Perché parlare di aborto, a più di quarant’anni dalla sua depenalizzazione in Italia, fa ancora così tanto scaldare gli animi? In primo luogo, perché si tocca l’argomento della vita umana nel suo concepimento, stimolando le delicatissime corde della sensibilità più profonda di ogni uomo e donna. Di fronte al miracolo della vita o alla tragedia della morte, misteri che vanno al di là di ogni umana comprensione, indipendentemente dalle opinioni che si possono avere, c’è solitamente un sacro timore. Il desiderio di maternità e di paternità è presente in chiunque, anche in chi pensa che il concepito ancora non sia una persona. Anche tra le donne che ritengono l’aborto un diritto, è altissima la percentuale di quelle che, personalmente, mai lo praticherebbero.

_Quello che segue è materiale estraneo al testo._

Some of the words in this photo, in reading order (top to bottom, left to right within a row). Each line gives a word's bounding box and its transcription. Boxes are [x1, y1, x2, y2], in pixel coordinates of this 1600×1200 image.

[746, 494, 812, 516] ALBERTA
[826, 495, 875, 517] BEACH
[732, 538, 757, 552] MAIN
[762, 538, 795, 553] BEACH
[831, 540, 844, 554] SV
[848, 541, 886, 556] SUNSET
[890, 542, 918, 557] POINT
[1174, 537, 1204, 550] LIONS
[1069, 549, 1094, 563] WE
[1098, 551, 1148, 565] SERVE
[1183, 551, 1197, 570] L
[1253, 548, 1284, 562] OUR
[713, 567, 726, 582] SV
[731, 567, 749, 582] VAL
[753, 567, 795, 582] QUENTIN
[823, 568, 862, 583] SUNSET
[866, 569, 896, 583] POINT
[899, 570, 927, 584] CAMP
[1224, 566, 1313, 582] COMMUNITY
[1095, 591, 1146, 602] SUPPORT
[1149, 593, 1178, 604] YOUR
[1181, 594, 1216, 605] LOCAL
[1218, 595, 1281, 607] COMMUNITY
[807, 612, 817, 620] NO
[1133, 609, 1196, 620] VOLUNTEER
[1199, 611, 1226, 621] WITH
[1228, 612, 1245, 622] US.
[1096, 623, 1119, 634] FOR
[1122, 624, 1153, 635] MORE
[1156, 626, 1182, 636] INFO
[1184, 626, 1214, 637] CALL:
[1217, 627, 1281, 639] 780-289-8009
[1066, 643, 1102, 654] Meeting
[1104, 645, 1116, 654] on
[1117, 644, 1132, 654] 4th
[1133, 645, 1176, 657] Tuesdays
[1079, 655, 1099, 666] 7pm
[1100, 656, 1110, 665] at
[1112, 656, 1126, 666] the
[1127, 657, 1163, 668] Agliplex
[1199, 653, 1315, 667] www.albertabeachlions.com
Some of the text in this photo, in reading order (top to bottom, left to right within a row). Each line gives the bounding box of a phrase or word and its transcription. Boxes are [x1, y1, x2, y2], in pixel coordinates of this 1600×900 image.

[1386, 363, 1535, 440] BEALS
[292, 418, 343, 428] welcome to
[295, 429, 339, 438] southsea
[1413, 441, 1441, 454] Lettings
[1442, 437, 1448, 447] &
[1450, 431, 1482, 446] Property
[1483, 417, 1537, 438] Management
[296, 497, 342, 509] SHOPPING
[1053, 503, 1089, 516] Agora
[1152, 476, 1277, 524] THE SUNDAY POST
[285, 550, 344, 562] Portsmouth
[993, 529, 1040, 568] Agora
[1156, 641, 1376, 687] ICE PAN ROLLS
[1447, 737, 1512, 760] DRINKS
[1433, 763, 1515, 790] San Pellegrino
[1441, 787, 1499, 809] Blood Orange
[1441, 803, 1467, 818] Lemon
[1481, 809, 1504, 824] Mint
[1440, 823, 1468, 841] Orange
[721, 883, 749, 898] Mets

Eppure, se ci facciamo caso, nonostante nel nostro Paese le donne che hanno abortito siano come minimo qualche milione, è molto difficile che qualcuna di loro venga allo scoperto e confidi pubblicamente la sua esperienza. Le poche che l’hanno fatto, hanno sempre parlato di un’esperienza negativa, quando non terrificante, che spegne il sorriso e che segna indelebilmente l’intera vita. La maggior parte delle donne che hanno cambiato idea, diventando delle pro life, sono proprio quelle che si sono pentite del loro aborto.

Nonostante tutto questo, ancora si riscontra una fortissima resistenza intorno a qualunque tentativo di messa in discussione di quella legge e persino della sua applicazione in chiave pro vita, attraverso la prevenzione e i consultori. I diritti della madre e del nascituro, pur previsti e menzionati dalla stessa legge 194, sono sempre risultati sbilanciati a favore della prima.

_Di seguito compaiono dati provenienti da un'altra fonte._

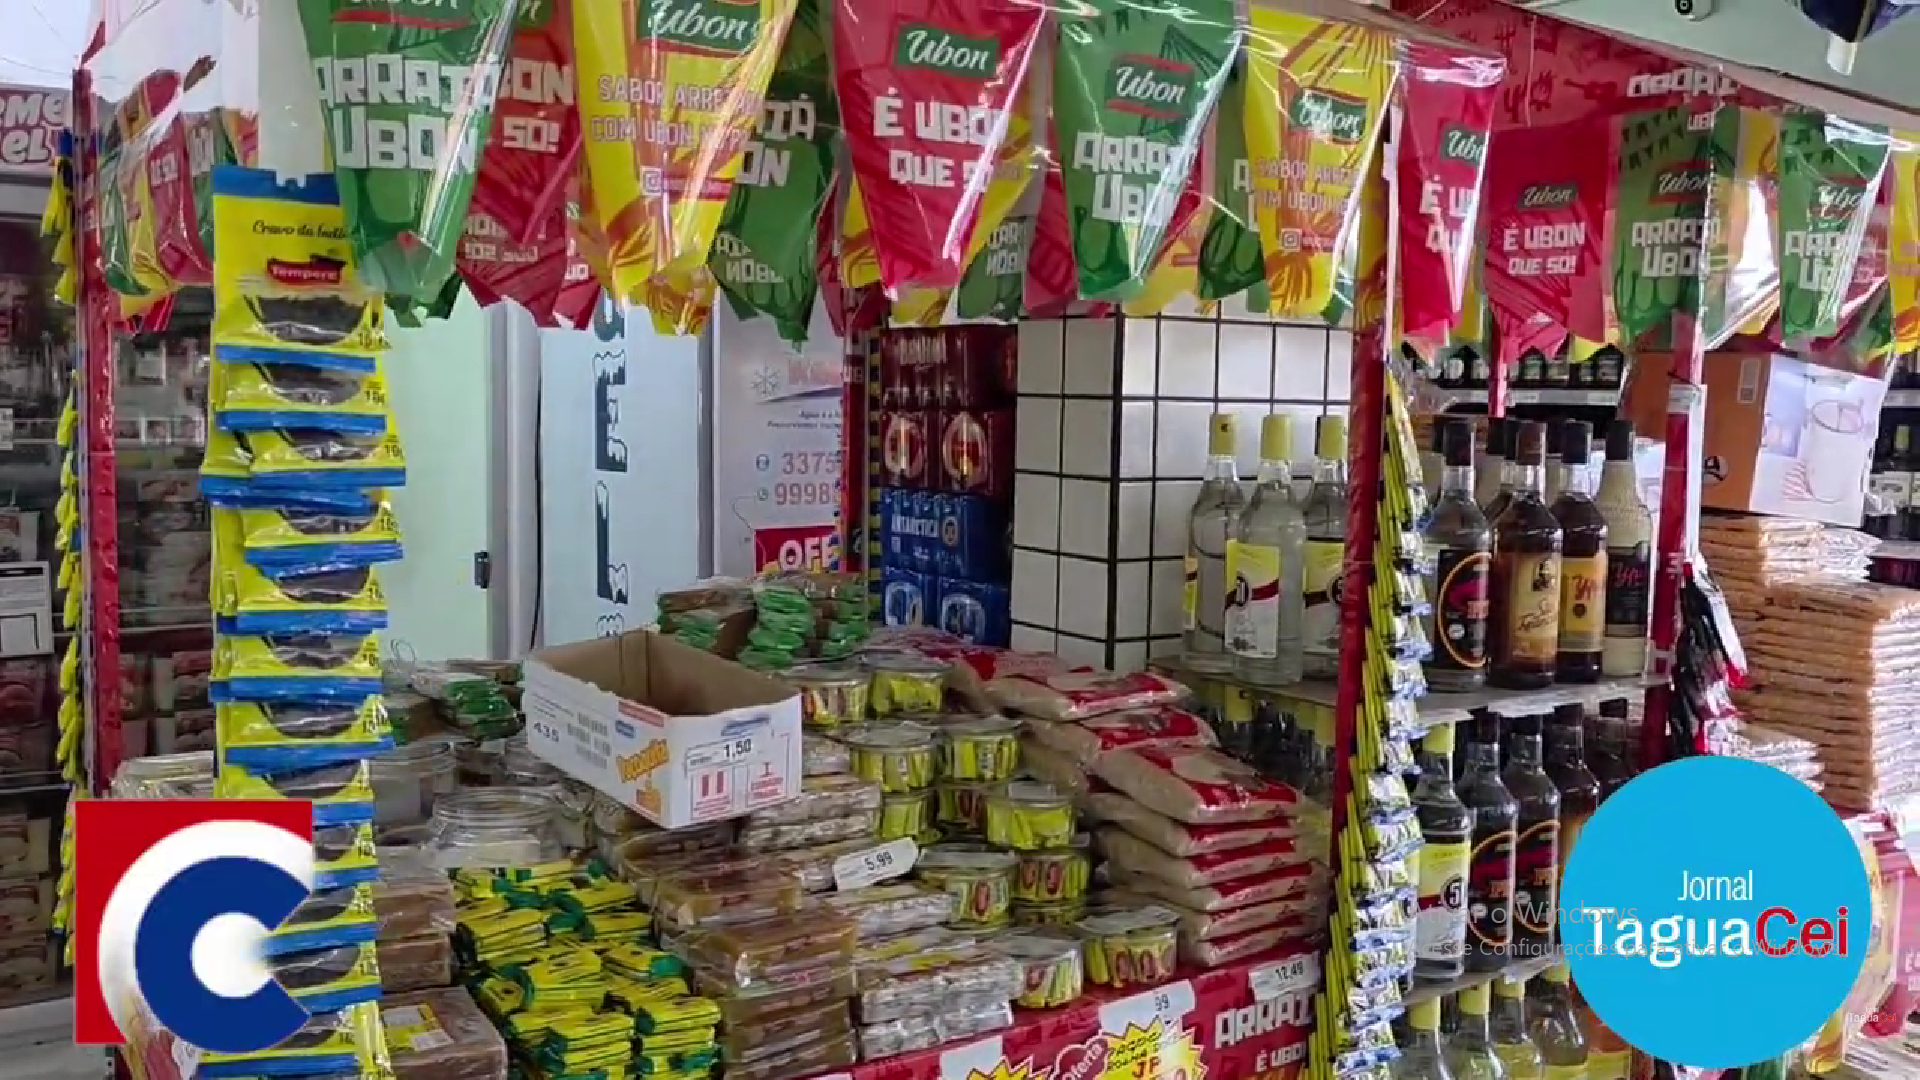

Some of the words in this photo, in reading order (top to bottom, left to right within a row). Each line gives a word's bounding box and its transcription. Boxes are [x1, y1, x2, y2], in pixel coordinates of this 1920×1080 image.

[906, 28, 991, 71] Ubon
[598, 74, 664, 107] SABOR
[1115, 65, 1186, 105] Ubon
[591, 117, 637, 141] COM
[644, 120, 694, 146] UBON
[889, 150, 955, 187] QUE
[1522, 185, 1574, 207] Ubon
[1524, 221, 1586, 250] UBON
[1508, 256, 1543, 276] QUE
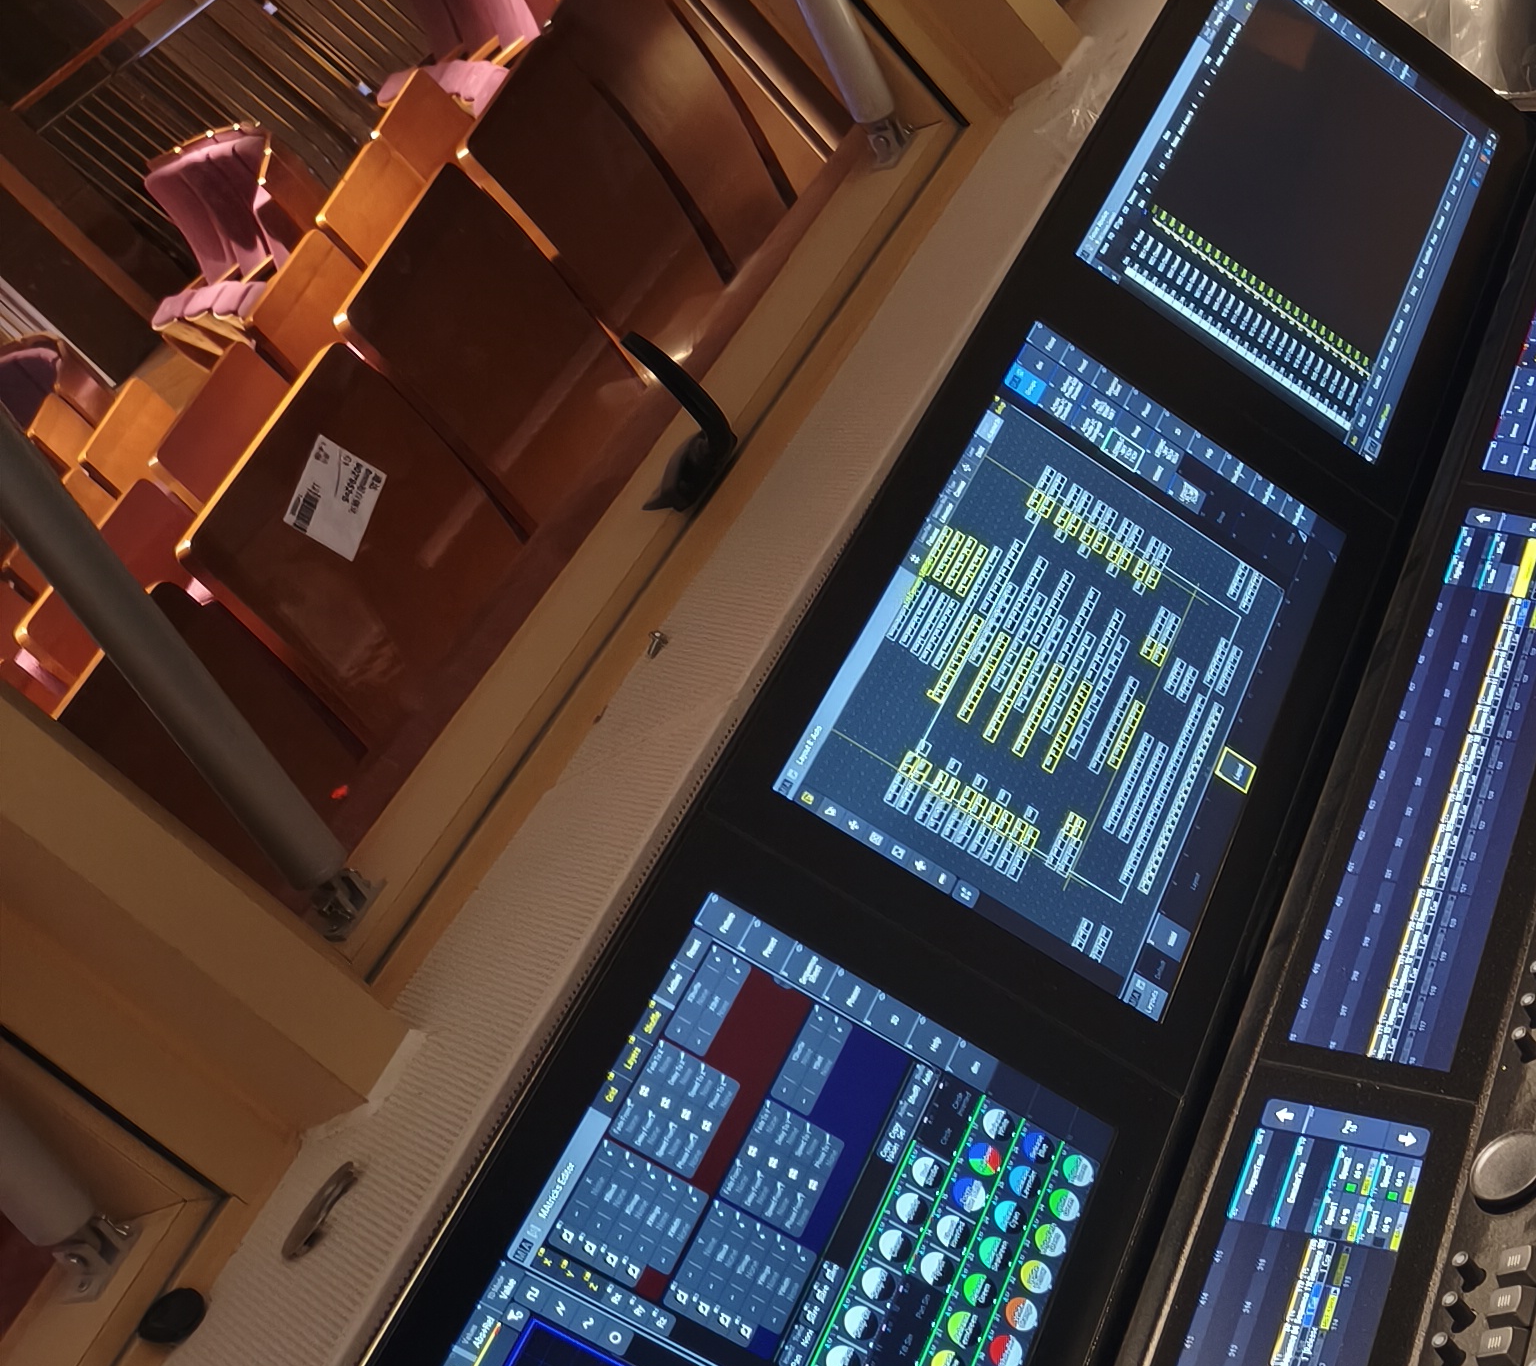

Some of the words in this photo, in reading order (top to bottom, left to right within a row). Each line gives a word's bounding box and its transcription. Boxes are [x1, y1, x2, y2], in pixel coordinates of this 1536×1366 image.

[622, 1044, 643, 1071] Layers
[939, 1126, 953, 1146] Circle
[1037, 1141, 1050, 1159] Blue
[536, 1182, 564, 1220] MAtricks
[555, 1159, 576, 1186] Editor
[1008, 1209, 1022, 1230] Cyan
[498, 1276, 518, 1301] Value
[609, 1290, 623, 1305] Rx
[977, 1281, 992, 1304] Green
[1198, 1291, 1210, 1305] 414
[1241, 1300, 1253, 1314] 314
[470, 1314, 496, 1349] Abs+Rel
[1183, 1334, 1195, 1349] 413

Ci sono una serie di pregiudizi e luoghi comuni duri a morire, per i quali il teorema radical-abortista non cede terreno. Uno di questi è legato all’autodeterminazione delle donne: a distanza di quasi cinquant’anni, non accenna a tramontare la retorica per cui “l’utero è mio e lo gestisco io”. Mettere in discussione questa autodeterminazione viene identificato più come un passo indietro verso una mentalità maschilista e patriarcale, dimenticando, però, che spesso è proprio l’uomo a imporre l’aborto alla propria compagna, evitando così di sobbarcarsi l’onere di una paternità imprevista e indesiderata.

Anche il consumismo, l’edonismo sono dei nemici giurati della maternità e della vita nascente. Mortificato lo spirito di servizio in nome della famiglia e dei figli, si è tentato di magnificare l’emancipazione femminile sul lavoro, arrivando alla nemesi della donna “in carriera” schiavizzata non più dal marito o dal padre ma dal datore di lavoro. “Se provi a fare un figlio, sarai licenziata”: questo il messaggio che passa nelle aziende, traviando così la mente delle dipendenti, talora costringendole a malincuore all’aborto.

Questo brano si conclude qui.